# [ACTION ITEM]
The required answer is the data below, restated word for word with images omitted.

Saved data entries
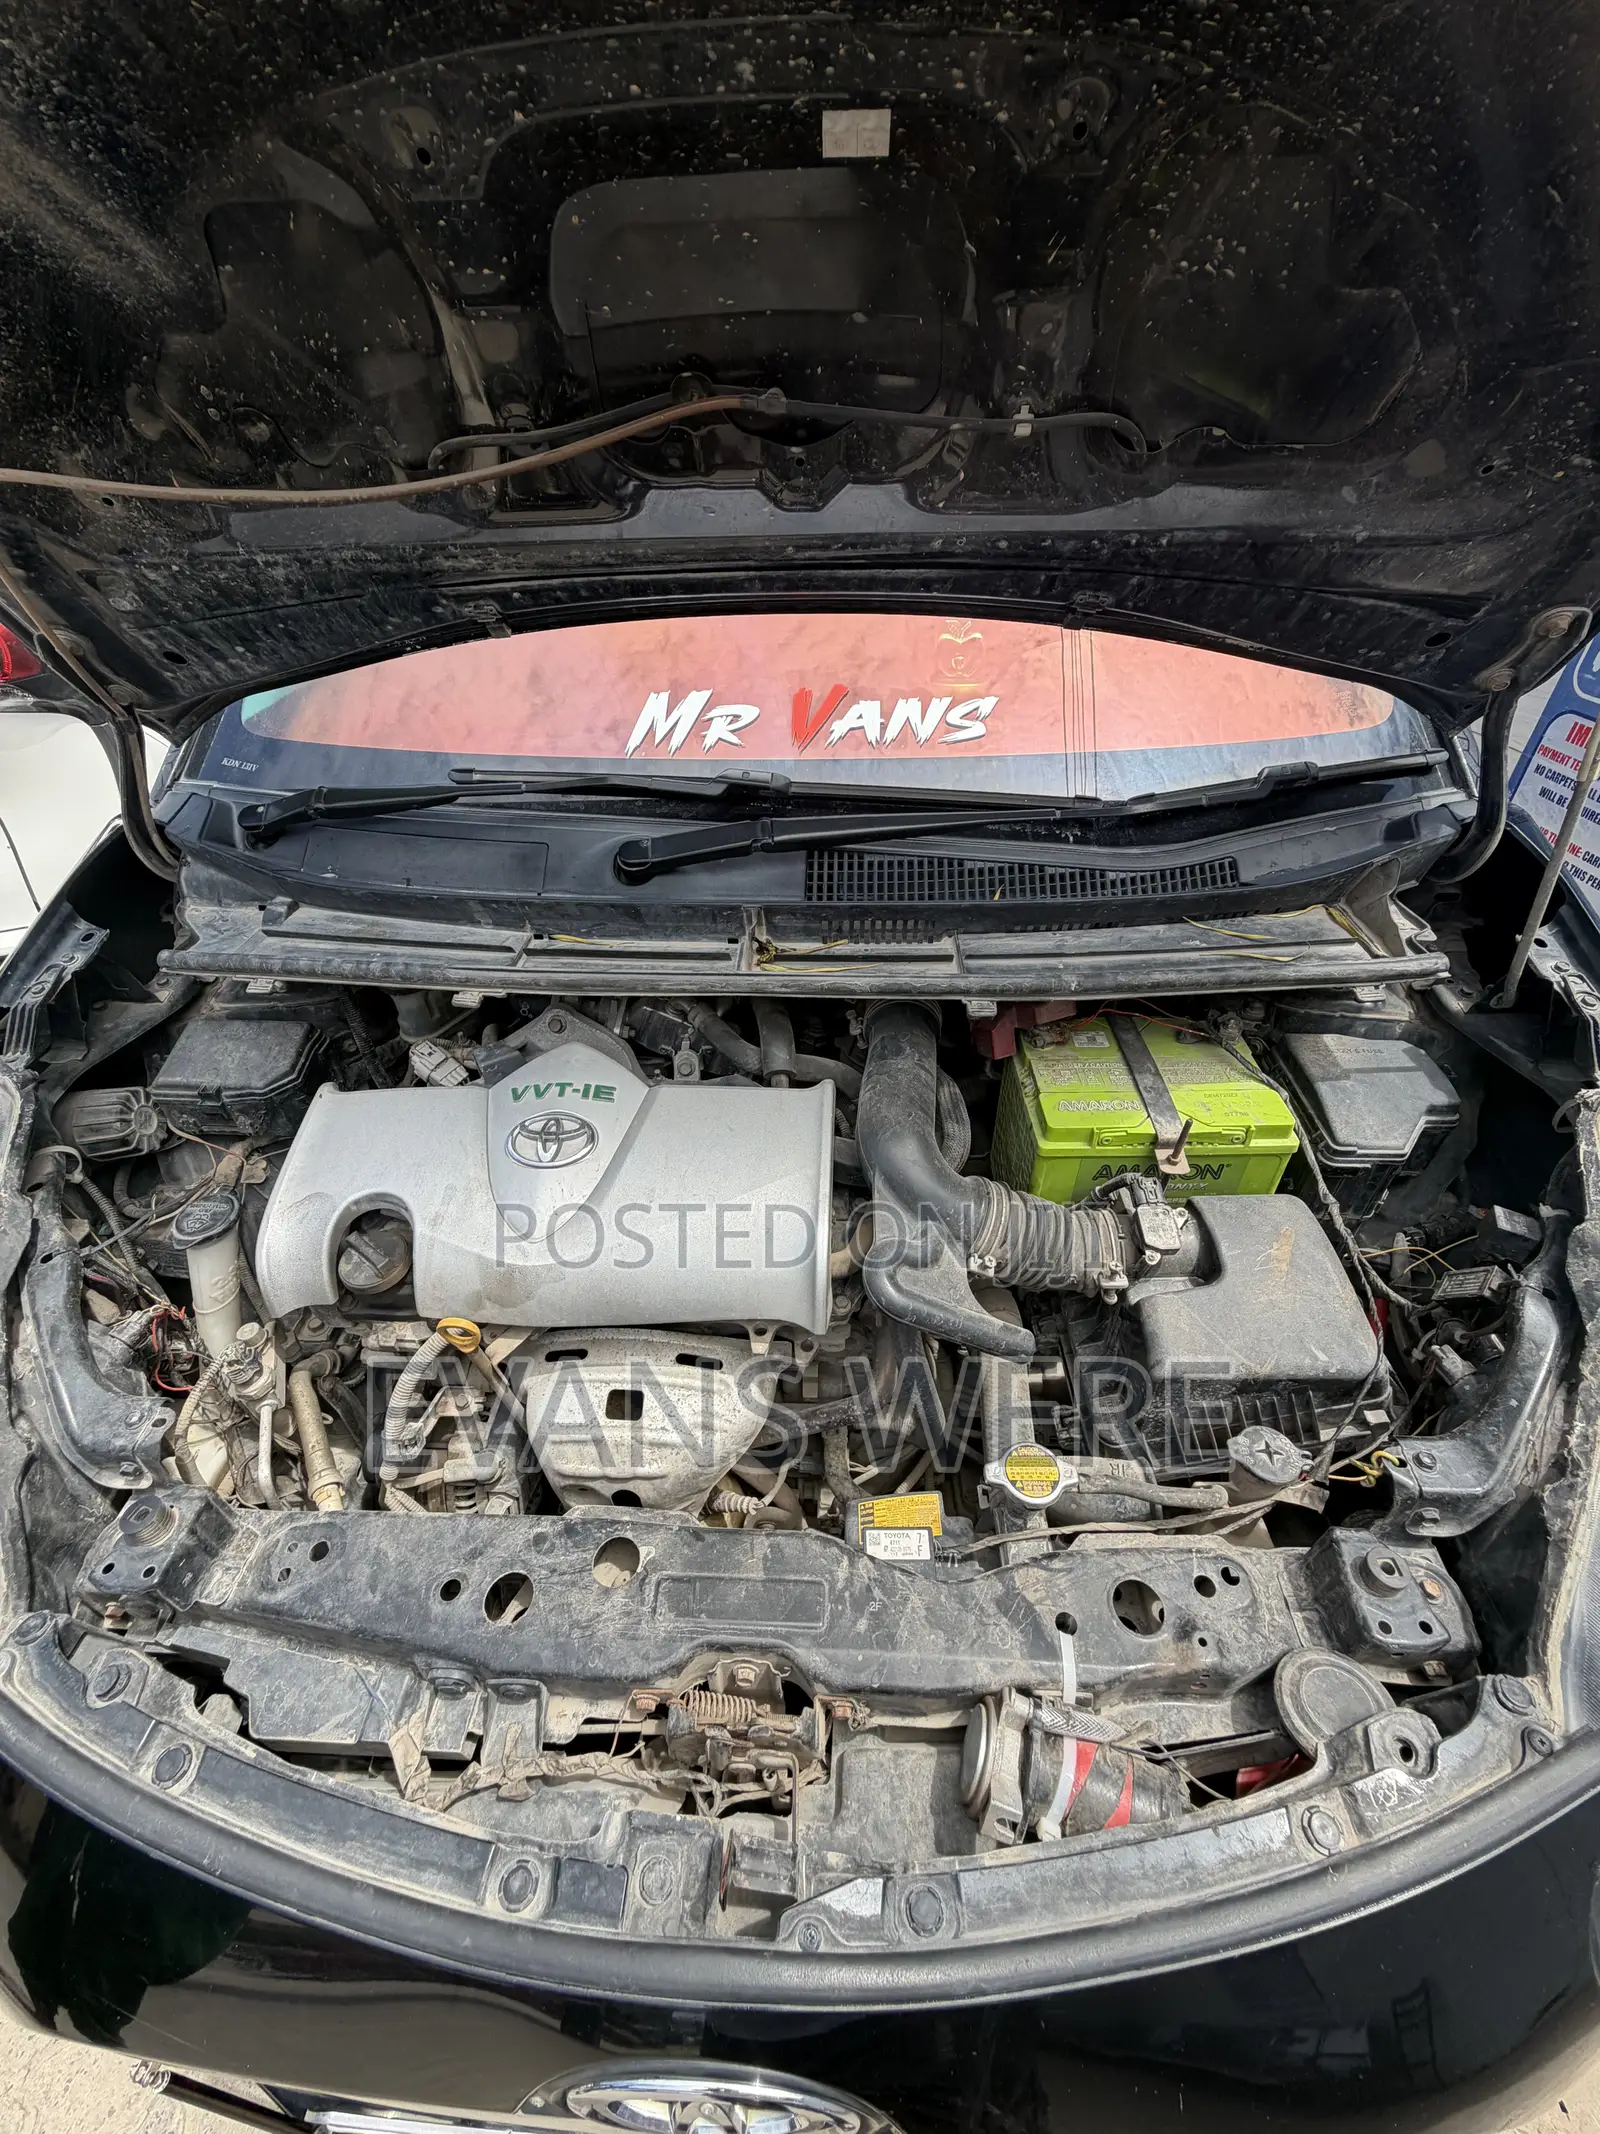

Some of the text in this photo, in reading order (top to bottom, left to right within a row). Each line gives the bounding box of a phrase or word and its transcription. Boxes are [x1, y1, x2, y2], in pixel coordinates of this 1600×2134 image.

[221, 757, 241, 768] KDN
[1537, 744, 1572, 766] PAYMENT
[1533, 763, 1546, 777] NO
[1545, 768, 1579, 792] CARPETS
[1538, 785, 1558, 803] WILL
[1555, 794, 1569, 808] BE
[1569, 863, 1588, 882] THIS
[511, 1082, 617, 1103] VVT-IE
[1059, 1099, 1142, 1112] AMARON
[1092, 1163, 1226, 1181] AMAON
[869, 1601, 883, 1611] 2F

# [WRITTEN SOLUTION]
Some of the text in this photo, in reading order (top to bottom, left to right within a row). Each line gives the bounding box of a phrase or word and its transcription. Boxes are [x1, y1, x2, y2], in pixel coordinates of this 1600×2134 image.

[221, 757, 241, 768] KDN
[1537, 744, 1572, 766] PAYMENT
[1533, 763, 1546, 777] NO
[1545, 768, 1579, 792] CARPETS
[1538, 785, 1558, 803] WILL
[1555, 794, 1569, 808] BE
[1569, 863, 1588, 882] THIS
[511, 1082, 617, 1103] VVT-IE
[1059, 1099, 1142, 1112] AMARON
[1092, 1163, 1226, 1181] AMAON
[869, 1601, 883, 1611] 2F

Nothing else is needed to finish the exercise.